Article L3251-1 of the Labour Code: text and scope

Article L3251-1 of the Labour Code establishes the fundamental principle: the employer cannot make wage deductions except for causes authorised by law. Legally authorised deductions include in particular the recovery of unduly paid amounts, that is, the repayment of a sum paid in error.

However, this right is regulated:

  1. Each deduction must not exceed 10% of net salary (article L3252-5 of the Labour Code), except with express agreement from the employee for a faster rate;
  2. Employee agreement is recommended in written form to avoid any subsequent dispute;
  3. The deduction cannot affect the minimum wage: the non-seizable portion of salary (article L3252-2) constitutes an absolute floor.

The three-year prescription period: a deadline not to be overlooked

The action for recovery of salary overpayment is subject to three years' prescription from the date the employer became aware of the error (article L3245-1 of the Labour Code, as interpreted by consistent case law since the 2013 Macron reform). This three-year prescription period applies symmetrically: the employee also has three years to contest underpayment.

In practical terms, if a payroll error made in January 2023 is only detected in June 2026, the employer can still take action, but will need to produce evidence of the relevant pay slips. However, an error in 2022 not detected before May 2025 remains recoverable until May 2028, as long as prescription has run from the date of actual knowledge.
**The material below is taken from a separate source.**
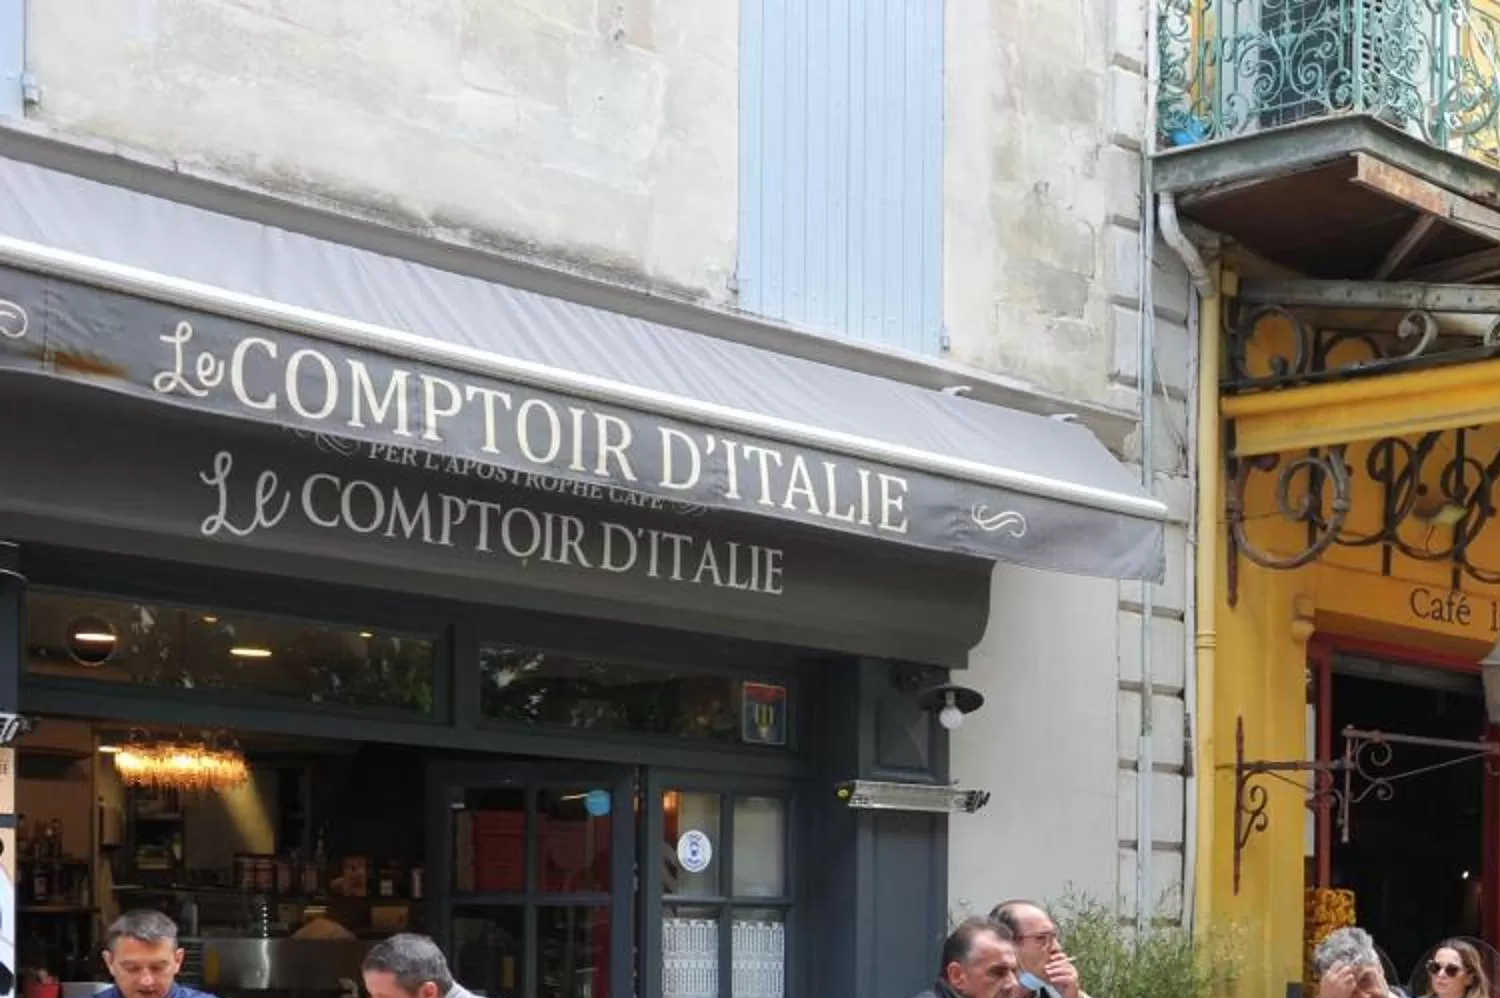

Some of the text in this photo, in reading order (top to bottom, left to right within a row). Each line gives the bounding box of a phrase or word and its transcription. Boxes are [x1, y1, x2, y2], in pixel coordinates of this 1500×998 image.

[152, 320, 910, 534] Le COMPTOIR D'ITALIE
[200, 450, 784, 596] Le COMPTOIR D'ITALIE
[1408, 587, 1472, 627] Café
The distinction between overpayment and advance on salary

It is important not to confuse overpayment (erroneous payment not consented) and advance on salary (anticipated consensual payment). For the latter, article L3251-3 of the Labour Code allows direct deduction without limitation to the tenth, within the limit of the non-seizable portion. This distinction has significant practical consequences for recovery speed and required formalities.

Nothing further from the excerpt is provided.